Today’s domestic dog shared a common ancestor with the modern-day wolf. The two species split off into their separate ways between 9,000 and 34,000 years ago.3 Nevertheless, both animals were and are predators. Their sense of smell is imperative to them, from locating prey and defining their territory to finding a mate.

The interior of the nasal cavity is lining with a special type of tissue called the olfactory epithelium. That lining contains over 100 million scent receptors. Some scent hounds with an especially keen sense of smell like Bloodhounds have even two or three times more than that. On the other hand, flat-faced or brachycephalic breeds, like Pugs and French Bulldogs, have fewer receptors. Compare these figures to humans, who have about 5-6 million scent receptors. Cats have over 200 million. It’s plain to see that cats and dogs have us beat when it comes to the sense of smell.

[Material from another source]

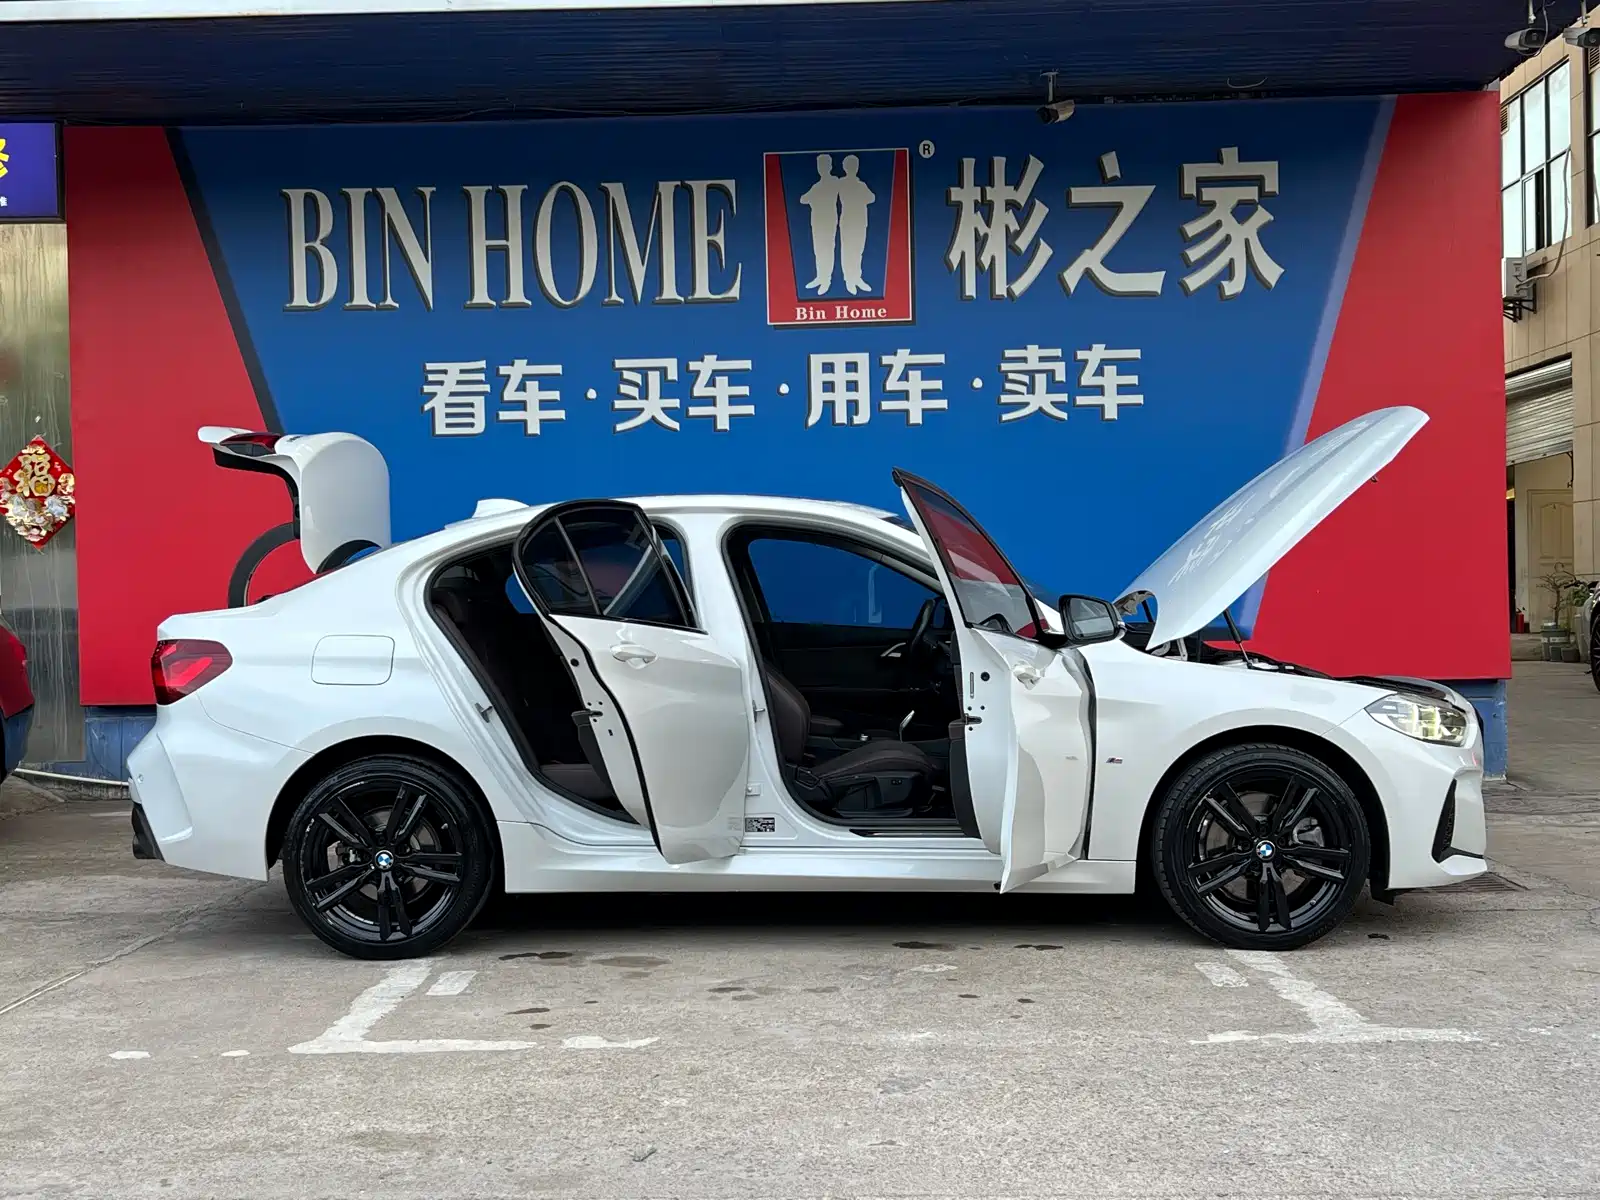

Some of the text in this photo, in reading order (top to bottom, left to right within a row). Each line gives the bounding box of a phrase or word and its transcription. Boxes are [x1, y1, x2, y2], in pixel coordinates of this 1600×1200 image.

However, it’s not just about being able to detect scents. It’s also about telling them apart. That’s where a protein called V1R comes into play. It allows dogs and all mammals to differentiate odors. The more variants you have, the better your detection. People have two and dogs have nine. Score another point for the canines!

labrador close up
Image Credit: Pixabay

The Other Dogs Learn About Their World

Many animals, including cats and dogs, have another sensory body structure, called the vomeronasal or Jacobson’s organ. It sits between the hard palate on the roof of their mouths and their nasal septum that lies between their nostrils. When you see your pup licking and then bringing their tongue back into their mouth, they’re putting the Jacobson’s organ to work.

It allows dogs to molecules floating in the air, such as the pheromones given off during courtship and mating. Its brain can interpret the chemical structure of scents and identify them as good or bad. Scientists now know that the ability to distinguish particular smells is hardwired into animals. All this speaks to the importance of this sense and how dogs evolved to rely on it.

But the question remains, what does a wet nose have to do with it?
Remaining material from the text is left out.